+1  A: 

I'm not familiar with the Java regex classes, but this is my C# interpretation of what I think your code does:

private const string tempUserBlock = "%%%COMPRESS~USER{0}~{1}%%%"; 
string html = "some html"; 
int p = 0; 
var userBlock = new List<string>(); 

MatchCollection matcher = preservePattern.Matches(html); 
StringBuilder sb = new StringBuilder(); 
int last = 0;
foreach (Match m in matcher)
{
    string match = m.Groups[0].Value; 
    if(match.Trim().Length > 0) { 
        userBlock.Add(match); 
        sb.Append(html.Substring(last, m.Index - last));
        sb.Append(m.Result(string.Format(tempUserBlock, p, index++)));
    }
    last = m.Index + m.Length;
}
sb.Append(html.Substring(last);
html = sb.ToString(); 
Gabe
awesome, that is almost exactly what I came up with! You put the m.Index + m.Length in the correct place. Thanks. I'll let you know how it performs in a bit.
David Murdoch
Works perfectly. Thanks!
David Murdoch
+1  A: 

There's no need to reproduce Java's appendReplacement/appendTail functionality; .NET has something better: MatchEvaluator.

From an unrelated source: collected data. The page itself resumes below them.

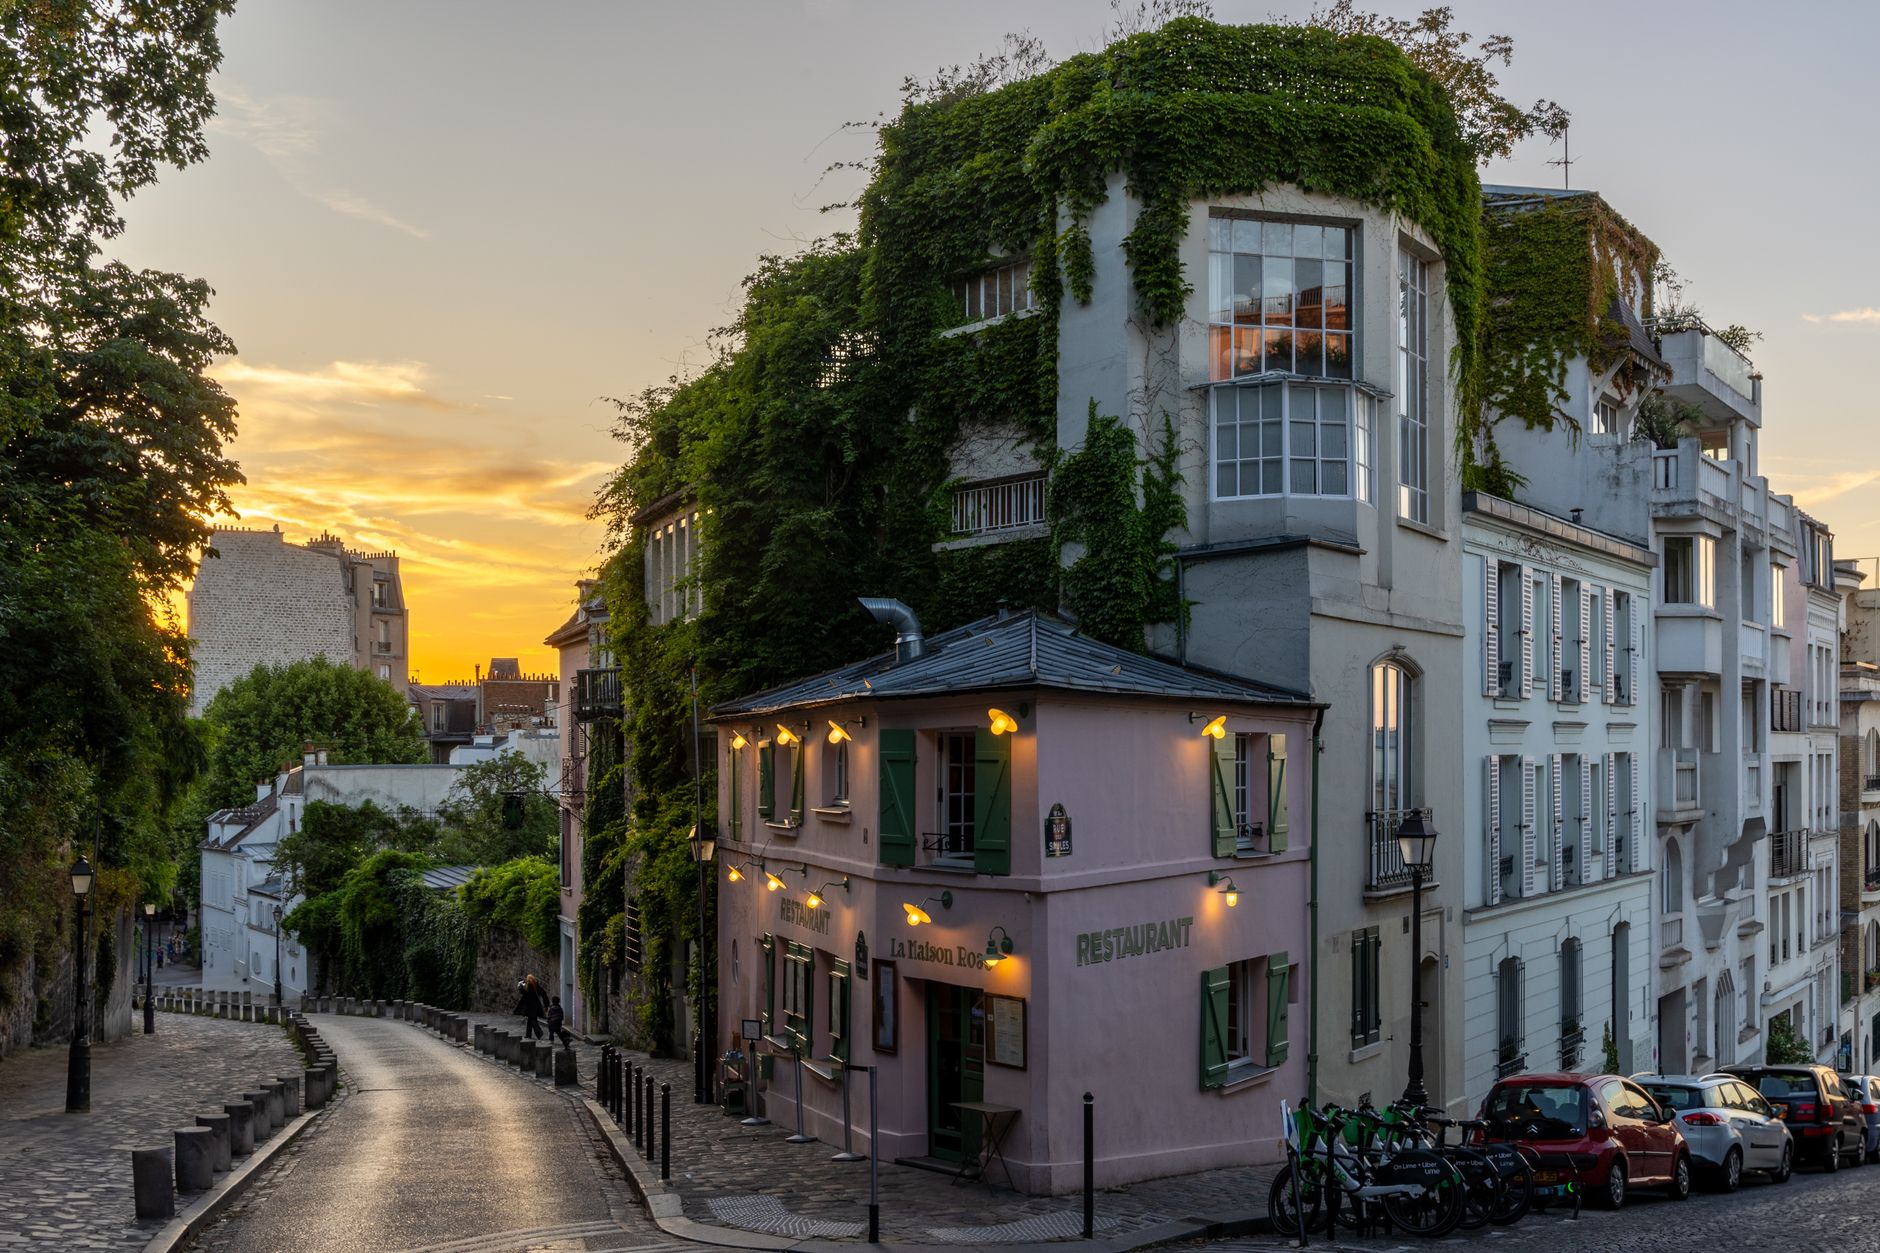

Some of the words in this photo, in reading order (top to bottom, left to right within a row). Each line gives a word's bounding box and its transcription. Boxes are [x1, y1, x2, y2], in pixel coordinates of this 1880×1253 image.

[1053, 824, 1065, 833] RUE
[780, 897, 831, 935] RESTAURANT
[890, 938, 906, 958] La
[907, 939, 954, 966] Maison
[1076, 916, 1194, 967] RESTAURANT
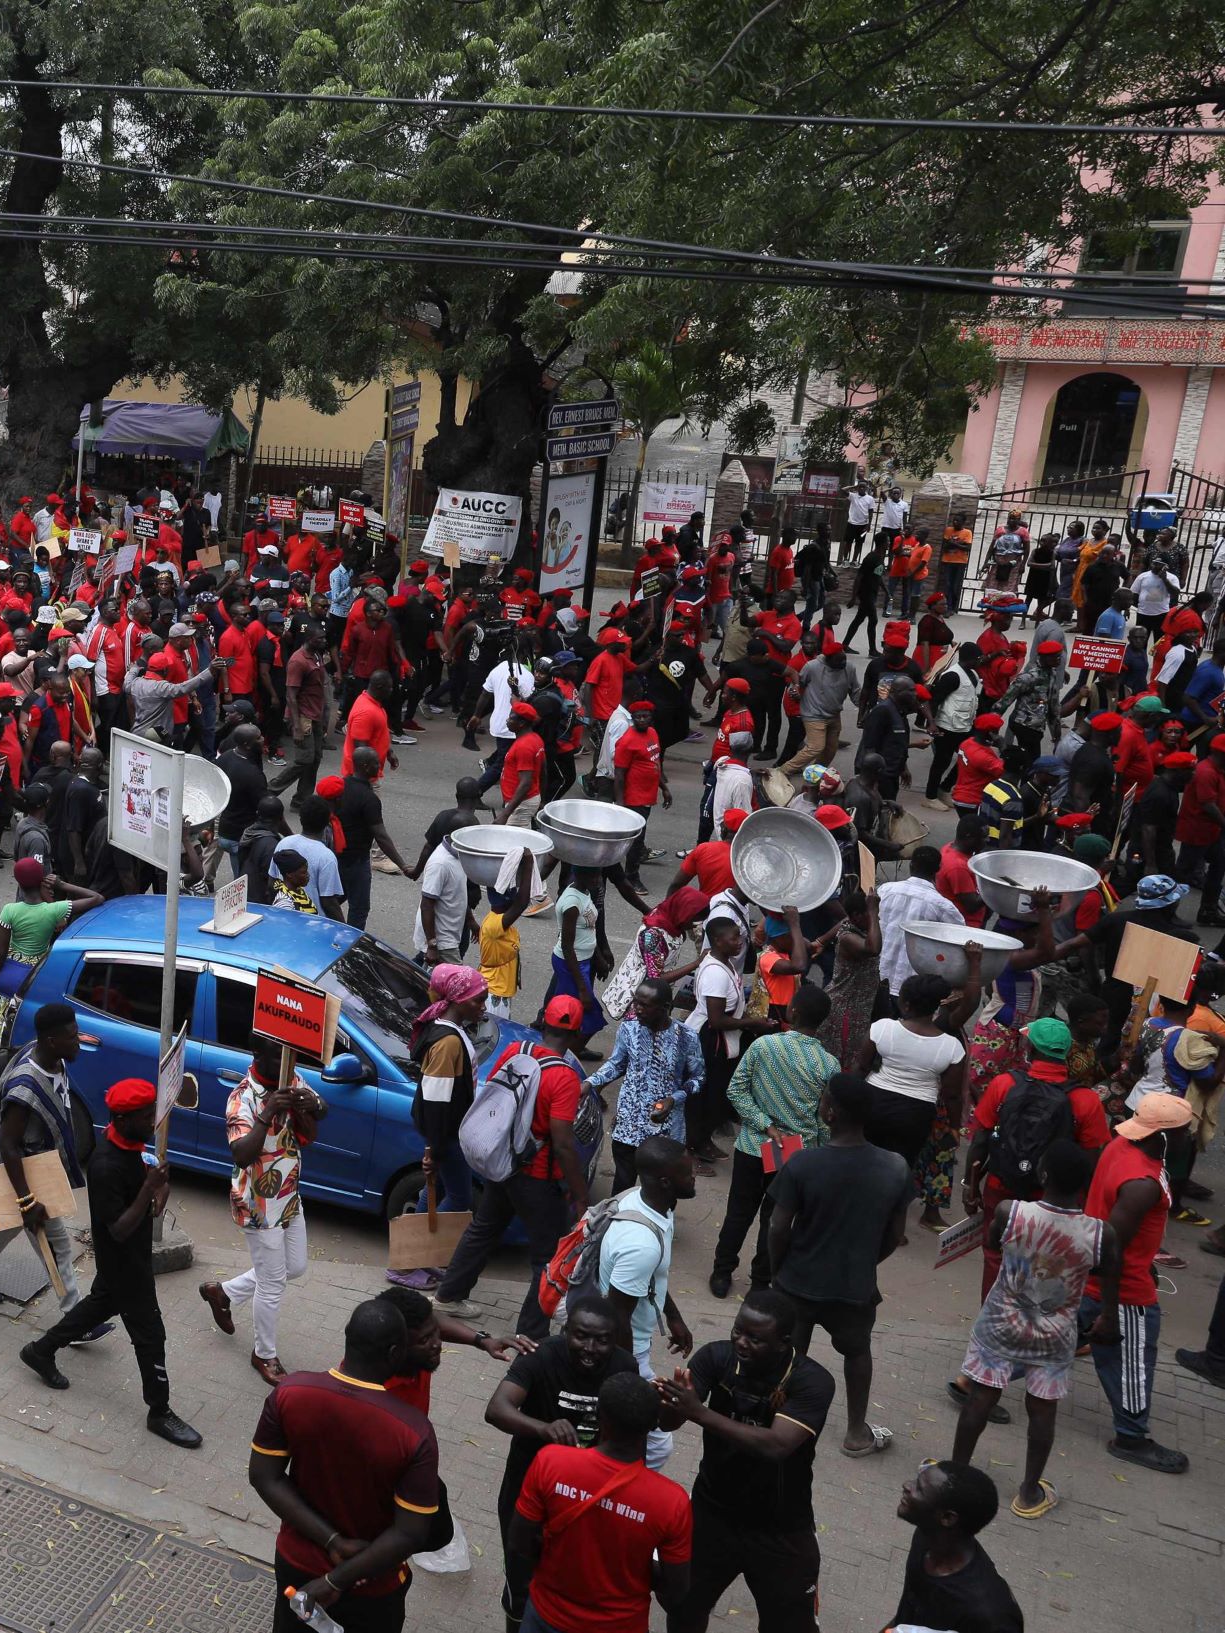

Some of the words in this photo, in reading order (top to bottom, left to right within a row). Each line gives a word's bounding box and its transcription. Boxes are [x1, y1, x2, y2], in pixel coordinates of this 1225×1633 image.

[551, 411, 564, 425] REV.
[564, 409, 585, 424] ERNEST
[585, 407, 603, 421] BRUCE
[1059, 423, 1077, 431] Pull
[568, 440, 587, 455] BASIC
[587, 437, 610, 452] SCHOOL
[342, 505, 360, 513] ENOUGH
[461, 497, 507, 515] AUCC
[343, 515, 361, 523] ENOUGH
[446, 513, 473, 521] ADMISSION
[479, 517, 506, 525] ONGOING
[470, 523, 514, 534] ADMINISTRATION
[1091, 645, 1120, 654] CANNOT
[276, 993, 304, 1013] NANA
[257, 1001, 321, 1033] AKUFRAUDO
[554, 1482, 577, 1499] NDC
[579, 1489, 614, 1512] Yoth
[615, 1502, 646, 1523] Wing
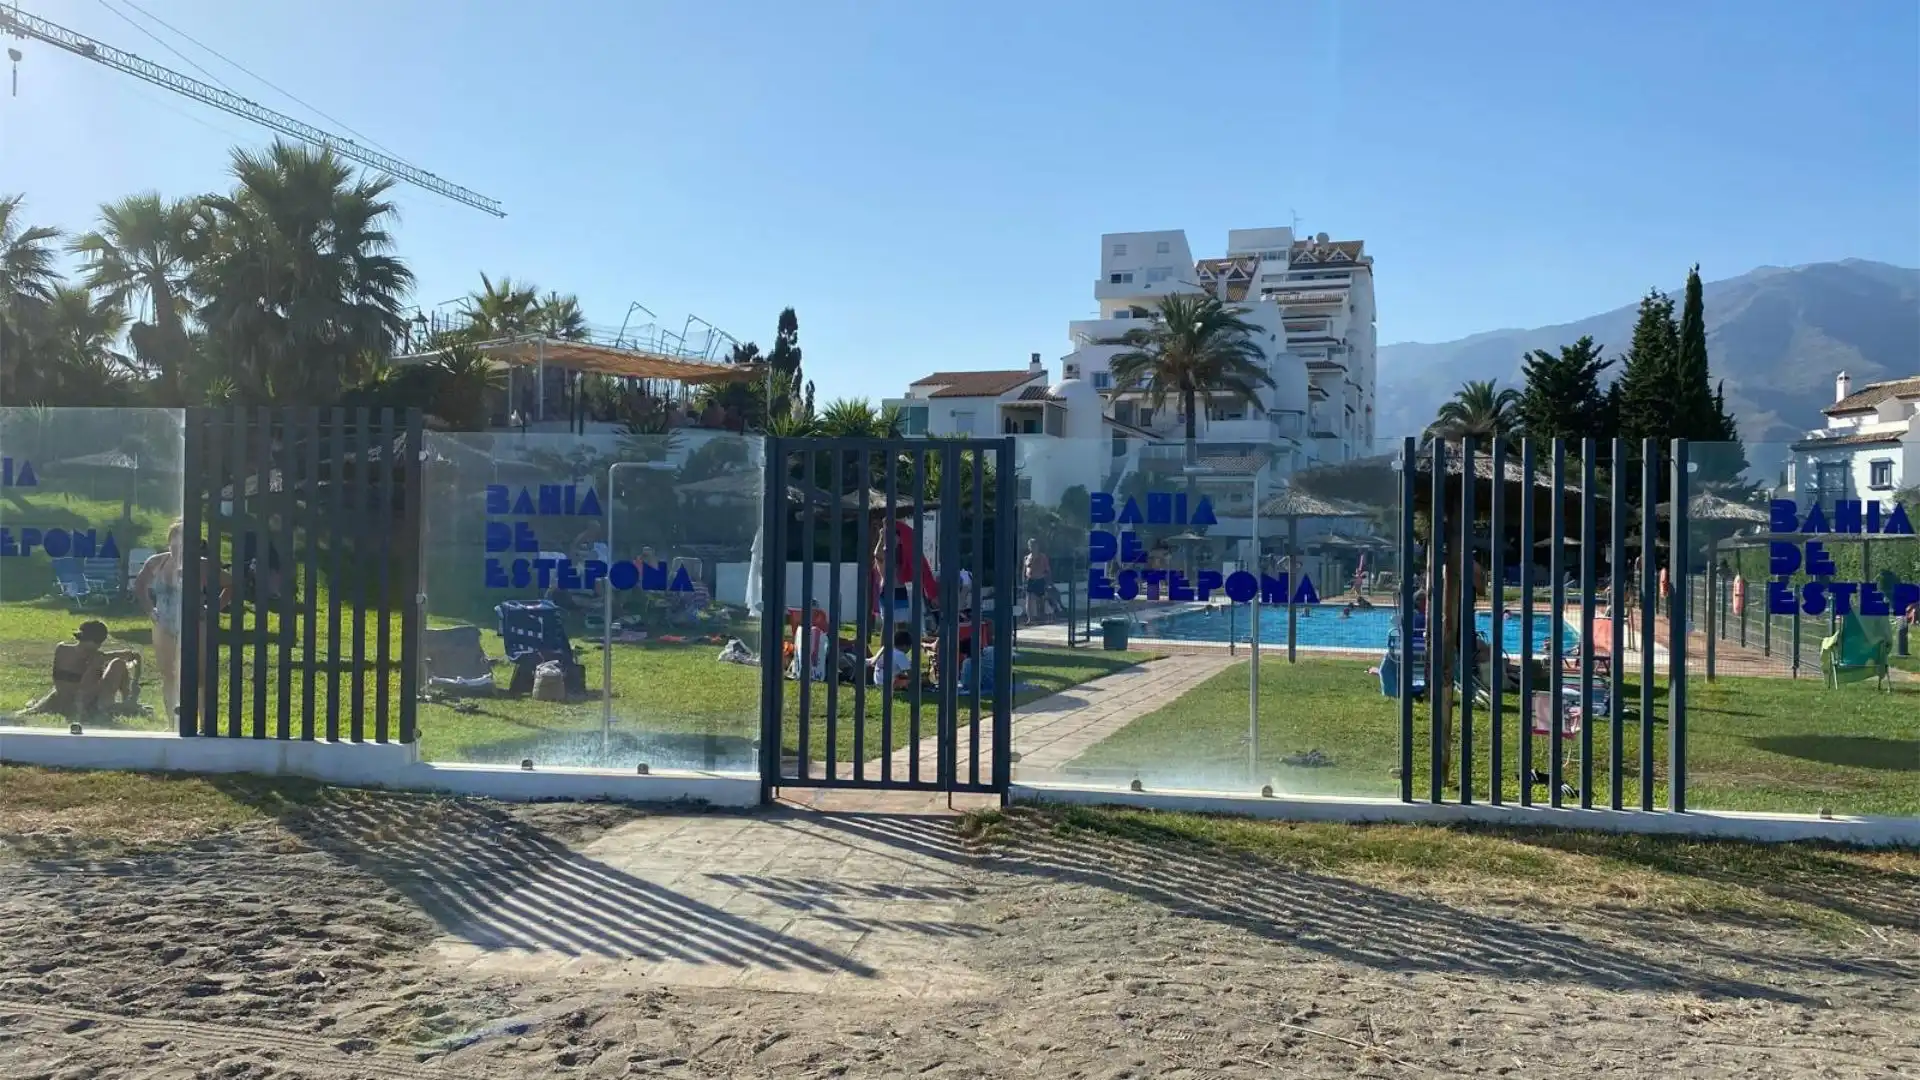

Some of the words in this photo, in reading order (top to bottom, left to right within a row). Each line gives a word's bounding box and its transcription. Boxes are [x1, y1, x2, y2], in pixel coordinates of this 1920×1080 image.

Check it out:

string holder = "Element {0} = {1}";
string s0 = "111 222 XYZ";
ArrayList arr = new ArrayList();

string s1 = Regex.Replace(s0, @"\d+",
  m => string.Format(holder, arr.Add(m.Value), m.Value)
);

Console.WriteLine(s1);
foreach (string s in arr)
{
  Console.WriteLine(s);
}

output:

Element 0 = 111 Element 1 = 222 XYZ
111
222

There are several ways to implement the MatchEvaluator, all thoroughly discussed in this article. This one (lambda expressions) is by far the coolest.

Alan Moore
I'll check it out in the morning. +1 for programming based on "coolness."
David Murdoch
Excellent. This worked very well. Thank you.